Néanmoins, la Russie a lancé un avertissement sévère aux partenaires occidentaux de l’Ukraine qui fournissent de l’aide, notamment du matériel militaire.
Le ministre russe des Affaires étrangères, Sergueï Lavrov, a averti jeudi que les gouvernements étrangers qui aident l’Ukraine « seront responsables de leurs actes ».
Ce niveau de poison a rendu la Pologne nerveuse, ont déclaré des experts, et c’est peut-être l’une des raisons pour lesquelles elle voulait que l’Amérique agisse comme intermédiaire, en envoyant des avions polonais d’une base de l’armée américaine en Allemagne vers l’Ukraine.
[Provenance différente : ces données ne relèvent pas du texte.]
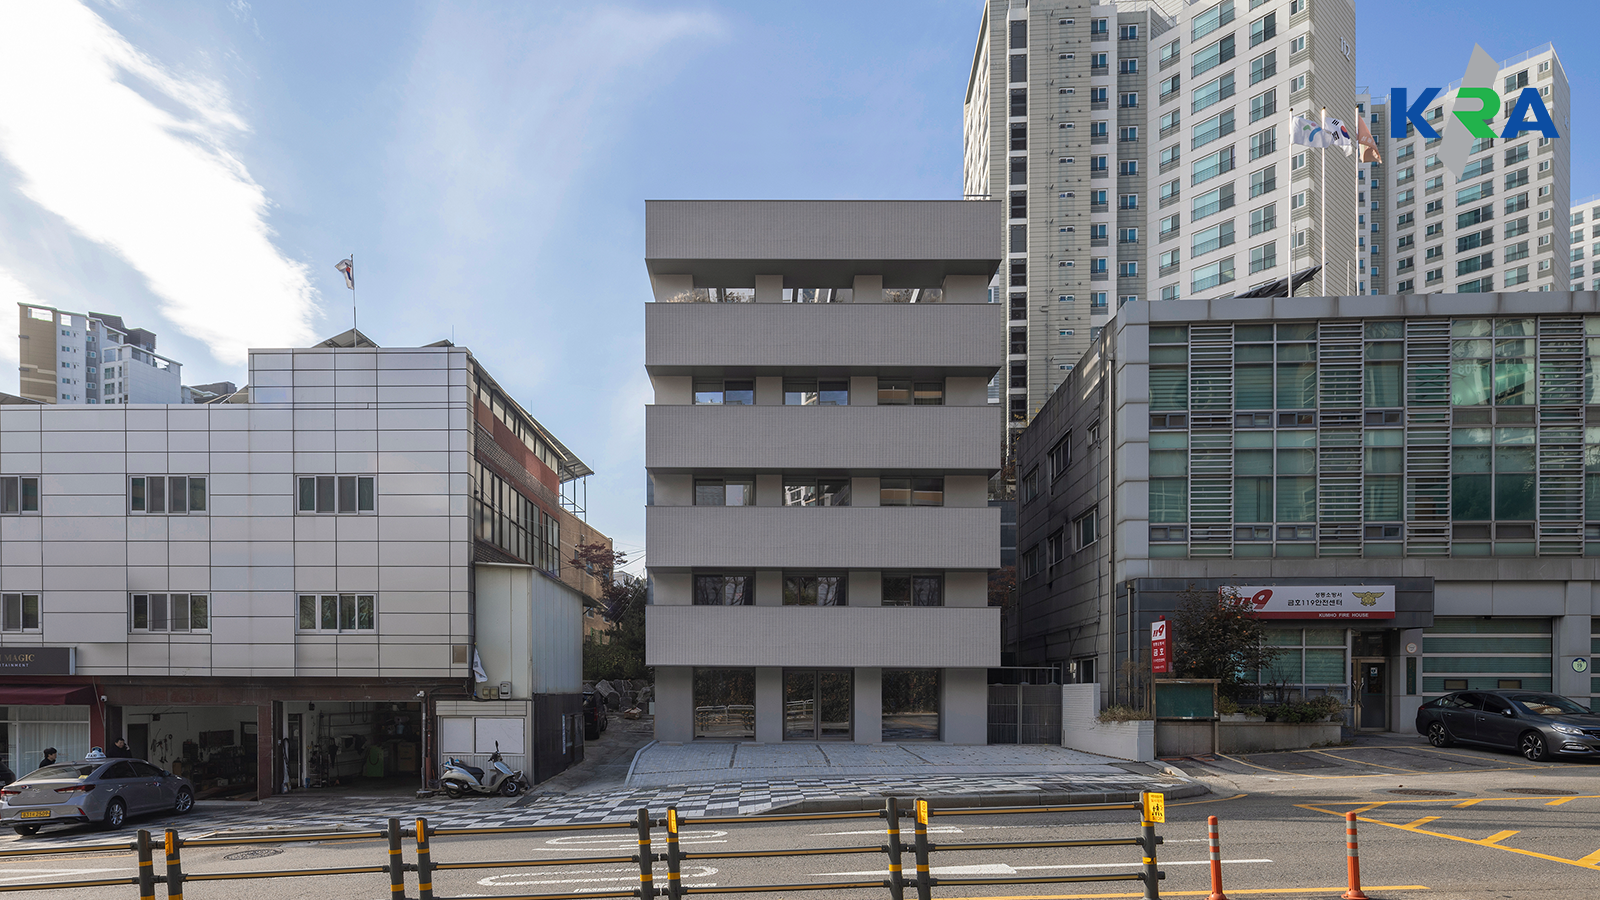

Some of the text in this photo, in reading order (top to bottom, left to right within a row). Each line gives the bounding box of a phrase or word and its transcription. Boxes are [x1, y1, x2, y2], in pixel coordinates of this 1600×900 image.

Ce n’est pas le seul point de tension.
Le gouvernement polonais poursuit une colonne militaire russe en Biélorussie, qui s’est arrêtée près de la frontière polono-ukrainienne, au nord de l’endroit où de nombreuses fournitures transitent, a déclaré Michal Baranowski, un haut responsable du German Marshall Fund et du directeur du bureau de Varsovie.
Cette menace, un missile russe largué à quelques kilomètres de la frontière polonaise, et l’importance stratégique de la ligne d’approvisionnement ukrainienne expliquent également pourquoi l’allié de l’OTAN a exhorté les États-Unis à lui fournir deux batteries de systèmes de défense antimissile Patriot, a-t-il déclaré. .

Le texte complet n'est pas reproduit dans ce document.